Defining the Precision and Sequence Determinants of Protein Synthesis Rates

Protein synthesis drives cellular proliferation and produces the primary effectors of biological function. Understanding how protein synthesis rates are controlled is therefore a central question of quantitative biology. In this work, I explore both the degree of precision in protein production and the mechanisms by which protein synthesis rates are encoded in genome sequences. First, I explore whether proportional synthesis of protein complex subunits, a phenomenon widely observed in bacterial protein synthesis, is a strategy adopted by eukaryotes.
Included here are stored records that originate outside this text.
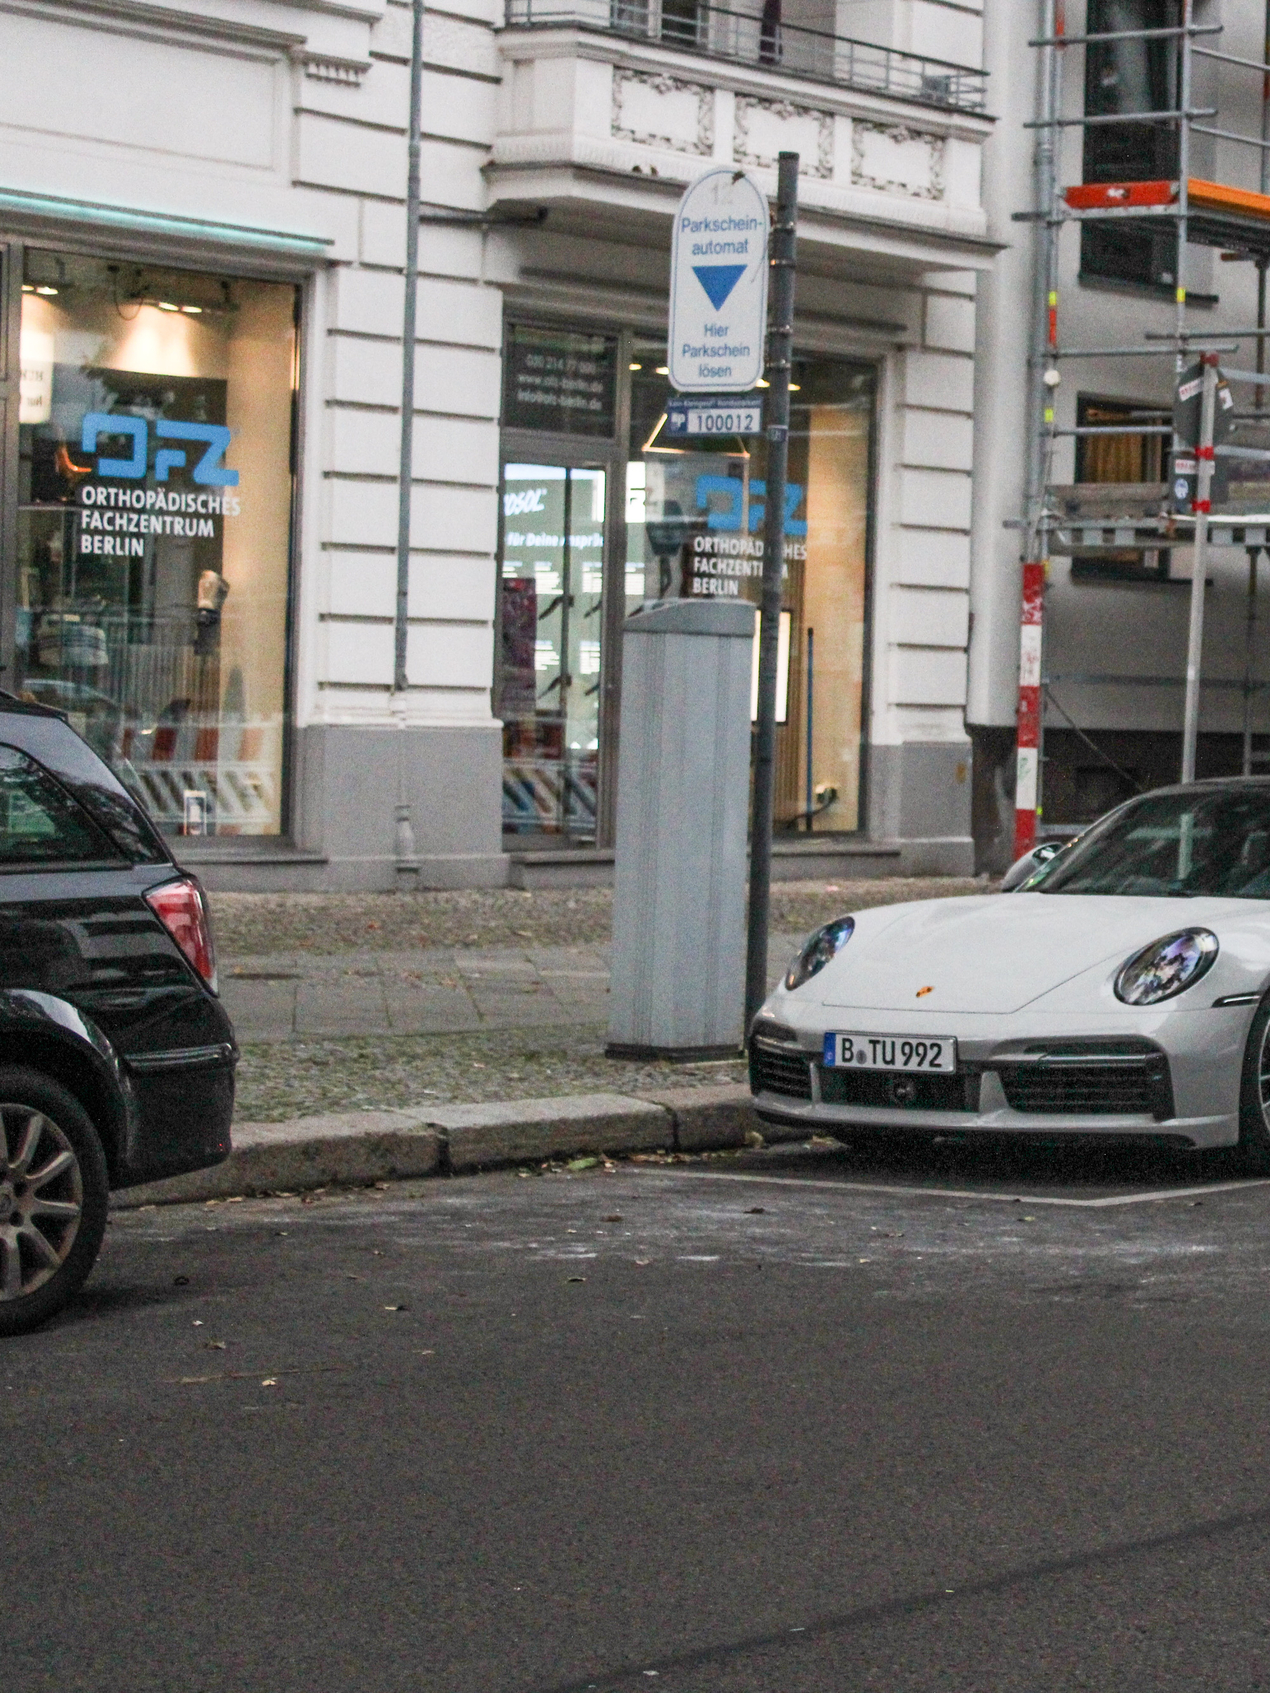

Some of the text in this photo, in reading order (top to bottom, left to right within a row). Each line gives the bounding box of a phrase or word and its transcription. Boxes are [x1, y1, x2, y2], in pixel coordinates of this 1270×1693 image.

[682, 214, 766, 233] Parkschein-
[691, 239, 748, 256] automat
[703, 323, 729, 337] Hier
[682, 343, 751, 358] Parkschein
[698, 363, 732, 378] lösen
[697, 413, 754, 432] 100012
[82, 486, 241, 516] ORTHOPÄDISCHES
[82, 510, 215, 538] FACHZENTRUM
[81, 534, 144, 557] BERLIN
[525, 532, 559, 546] Deine
[693, 577, 739, 596] BERLIN
[841, 1037, 943, 1068] B TU 992
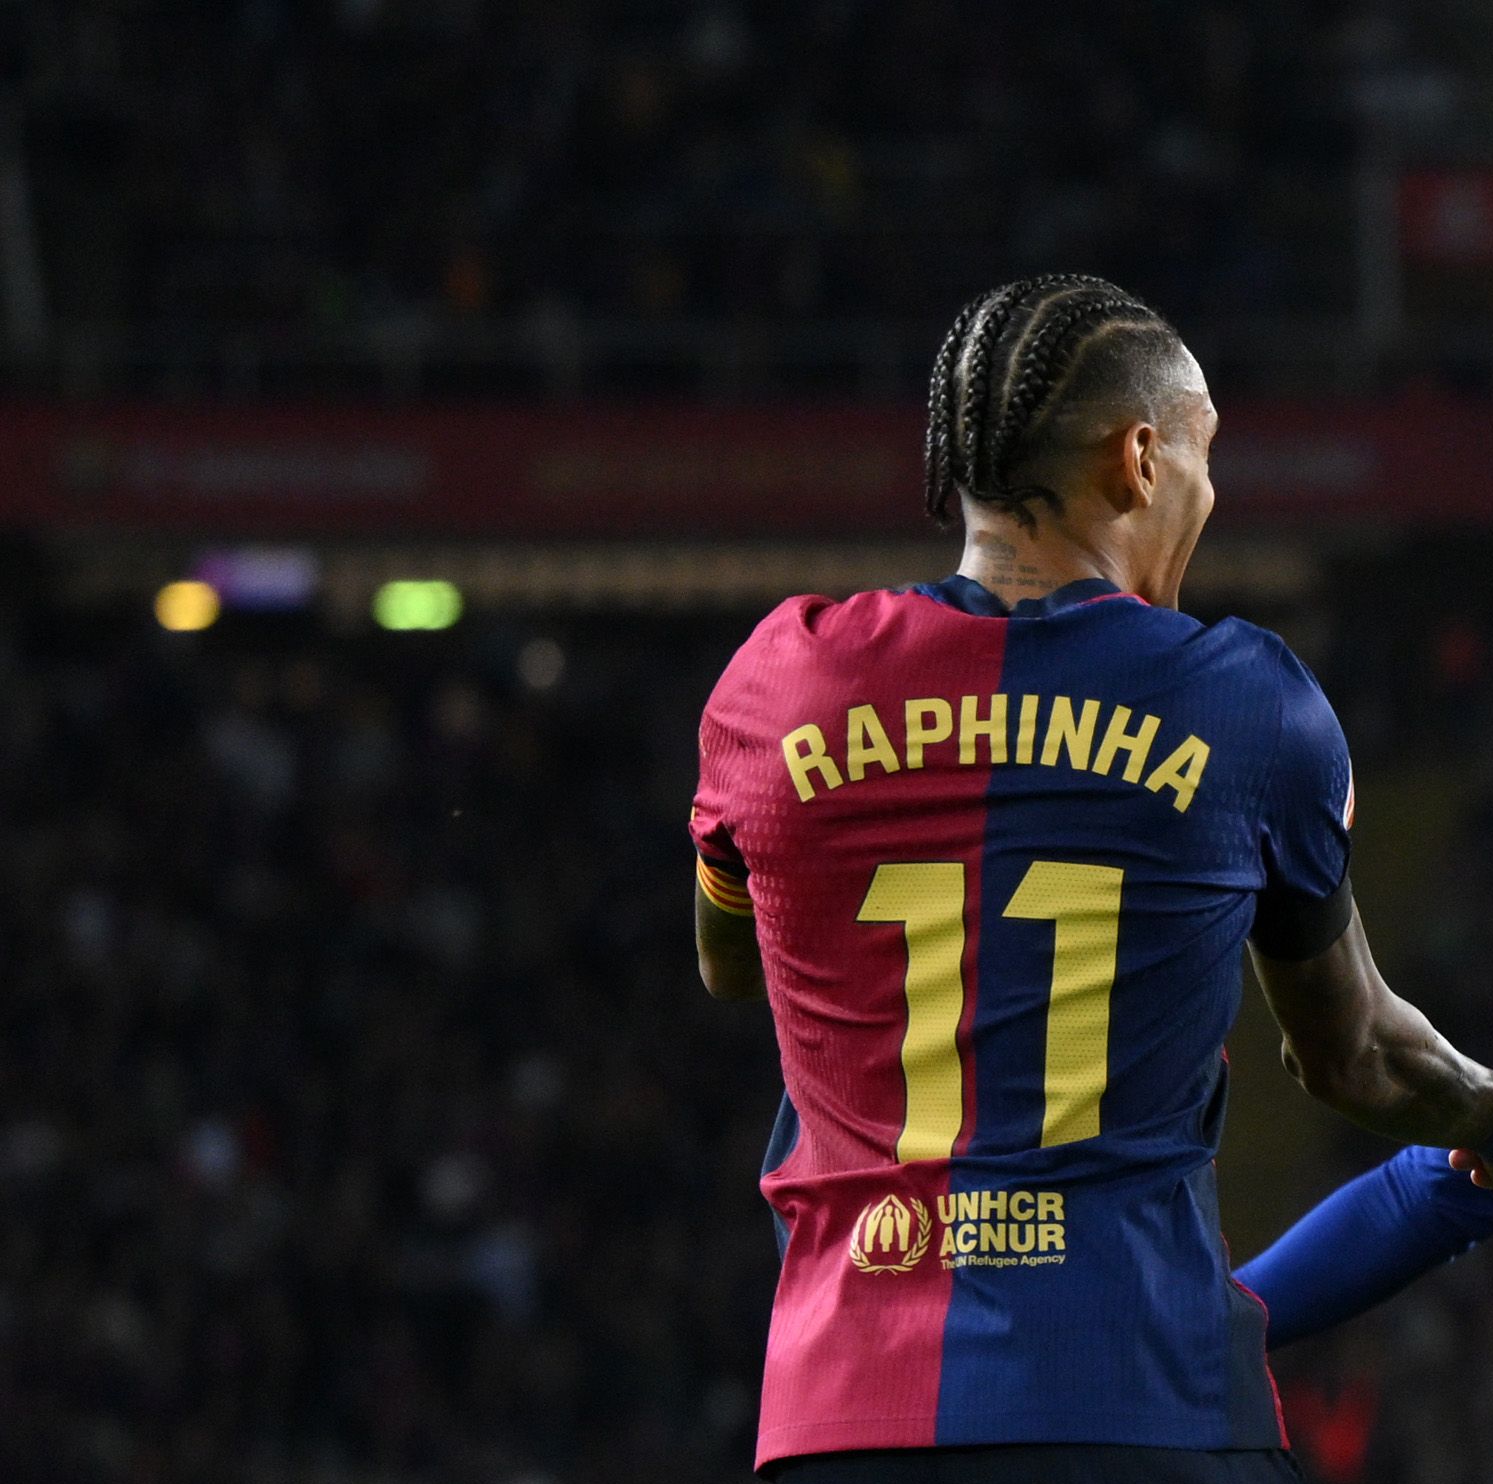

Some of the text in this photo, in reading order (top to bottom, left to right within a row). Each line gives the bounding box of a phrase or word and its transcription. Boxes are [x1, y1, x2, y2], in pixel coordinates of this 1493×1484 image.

[781, 694, 1211, 813] RAPHINHA
[856, 861, 1125, 1164] 11
[937, 1190, 1065, 1224] UNHCR
[940, 1223, 1066, 1256] ACNUR
[968, 1255, 1018, 1268] Refugee
[1020, 1254, 1066, 1267] Agency
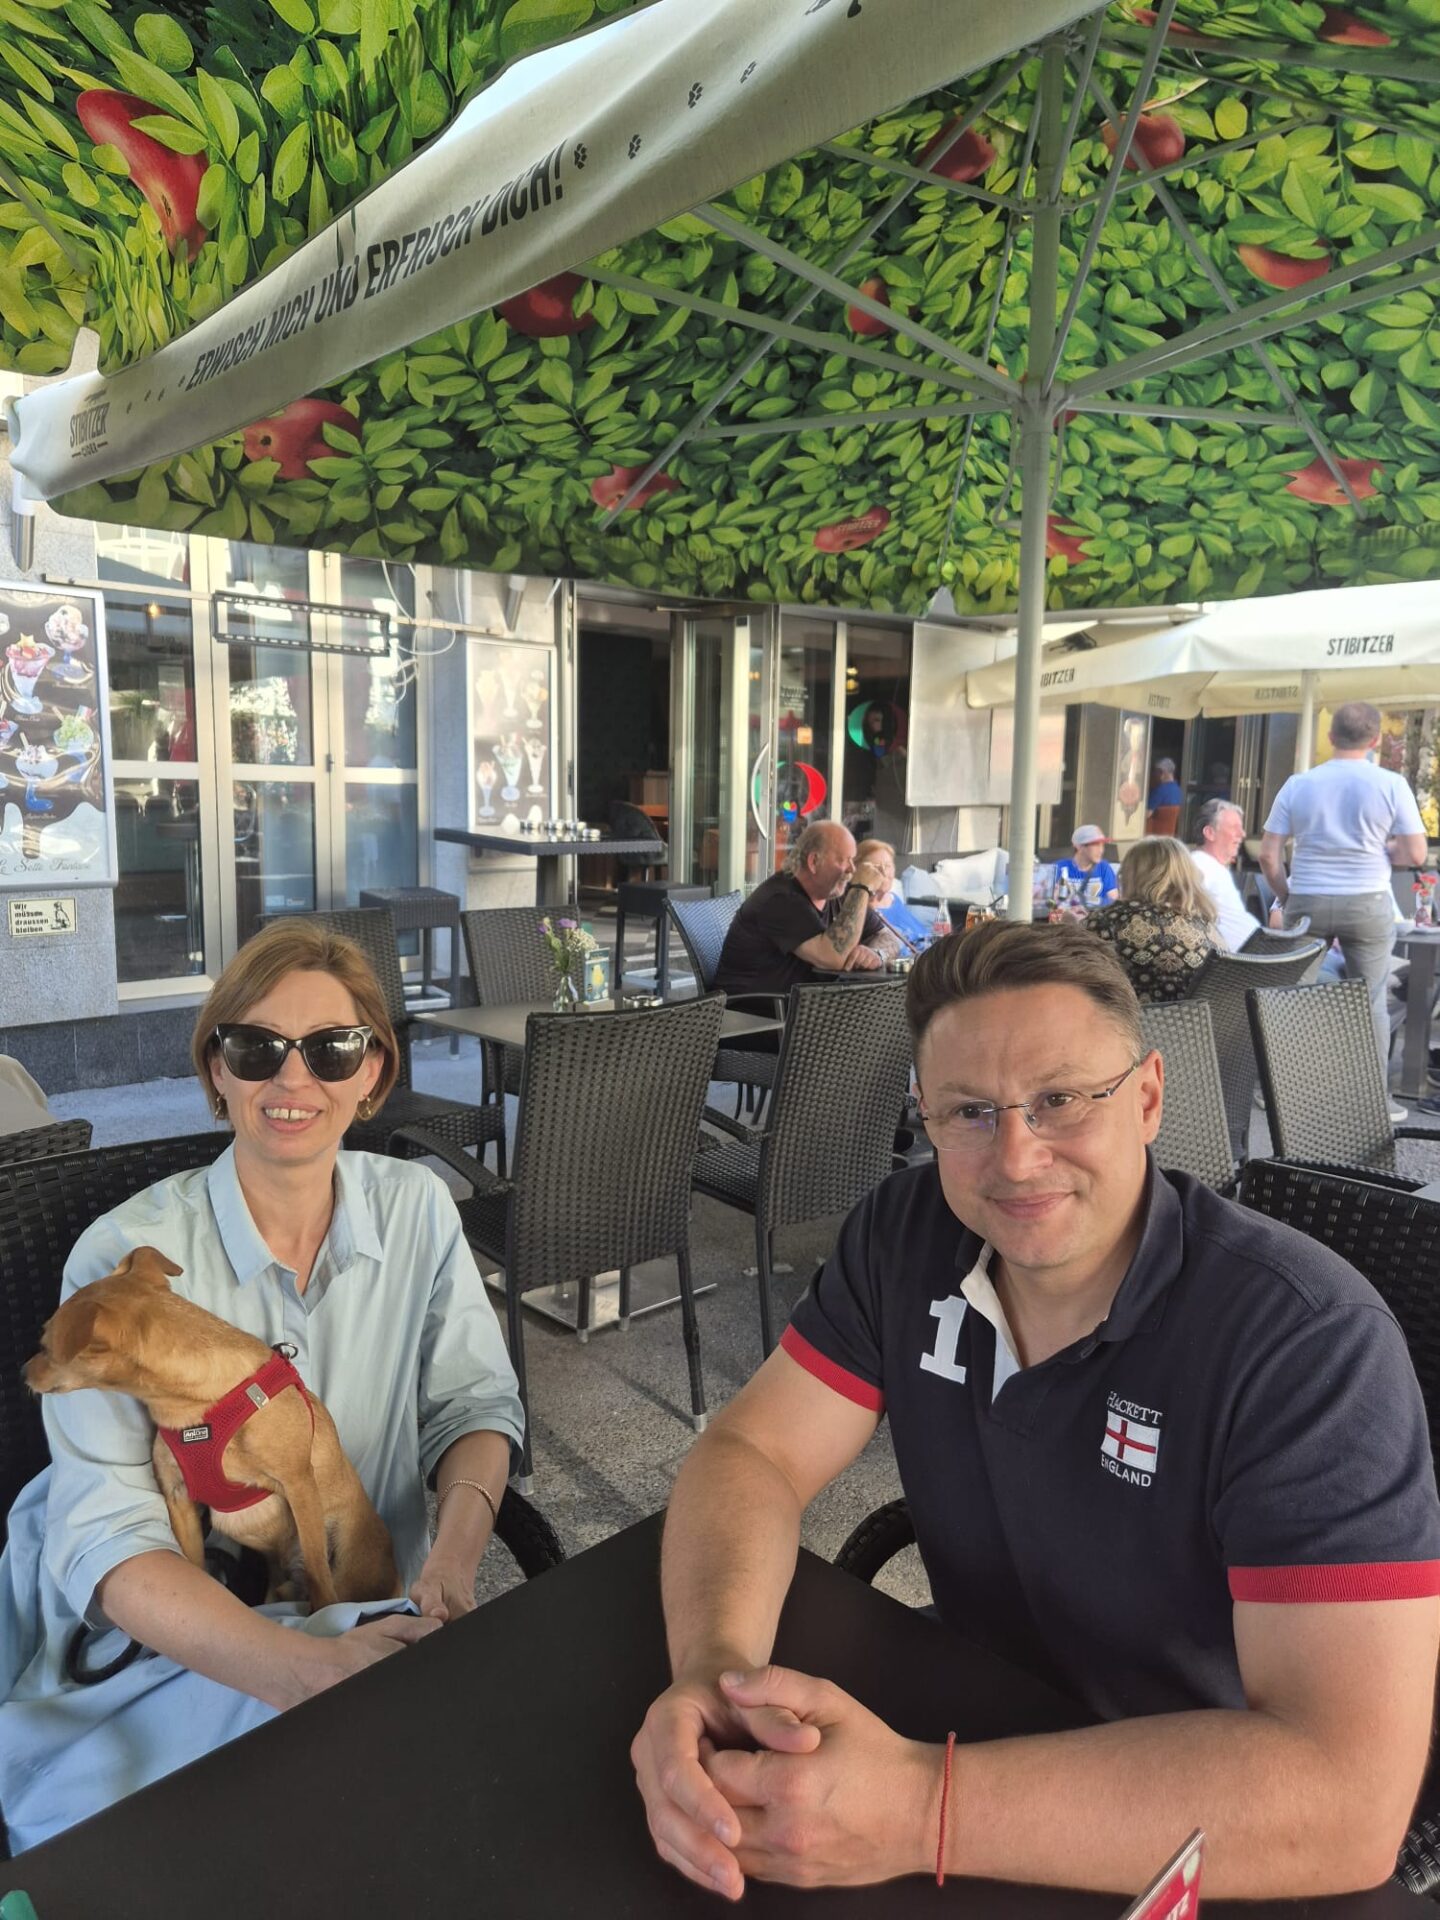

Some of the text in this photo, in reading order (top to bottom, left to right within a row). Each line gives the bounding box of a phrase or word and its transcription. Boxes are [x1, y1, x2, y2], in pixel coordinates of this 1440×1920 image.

[185, 139, 567, 391] ERWISCH MICH UND ERFRISCH DICH!
[1327, 634, 1394, 656] STIBITZER
[1040, 668, 1075, 688] IBITZER
[920, 1294, 967, 1385] 1
[1107, 1391, 1163, 1425] HACKETT
[1101, 1454, 1151, 1487] ENGLAND
Using ribosome profiling, I observe proportional synthesis in the budding yeast Saccharomyces cerevisiae and through chromosomal duplications show that the precision in these protein synthesis rates is hard-coded without widespread negative feedback regulation. Proportional synthesis is also seen in large abundant complexes conserved in higher eukaryotes. I additionally present work to unify this understanding of proportional synthesis with evidence of post-translation buffering of protein complex subunit abundance derived from mass spectrometry. In the second half of this thesis, I turn my focus towards understanding how RNA decay and processing rates, two poorly understood processes central to the quantitative tuning of protein synthesis, are encoded in bacterial mRNAs. Using high-resolution RNA end-mapping techniques in combination with genetic perturbations to stabilize intermediates of RNA decay, I generate a global map of positions of endonuclease cleavage in Bacillus subtilis. Coupling this approach with knockouts of specific endonucleases, I greatly expand and refine the known set of targets of RNase Y, its specificity factor YlbF, and RNase III. Through this, I capture sequence and structural features recognized by RNase Y, the primary endonuclease initiating RNA decay in B. subtilis. I additionally provide evidence for a novel RNA 5′ end trimming activity of unknown origin. Finally, I present a system for massively parallel interrogation of the sequence-function relationship of B. subtilis mRNA processing sites. Using this approach, I uncover key sequence determinants of cggR-gapA and glnRA operon processing by RNase Y. Taken together, this work provides insight into the degree of precision achieved in gene expression across life and reveals mechanistic details of how protein synthesis can be tuned through RNA decay in a model Gram- positive bacterium.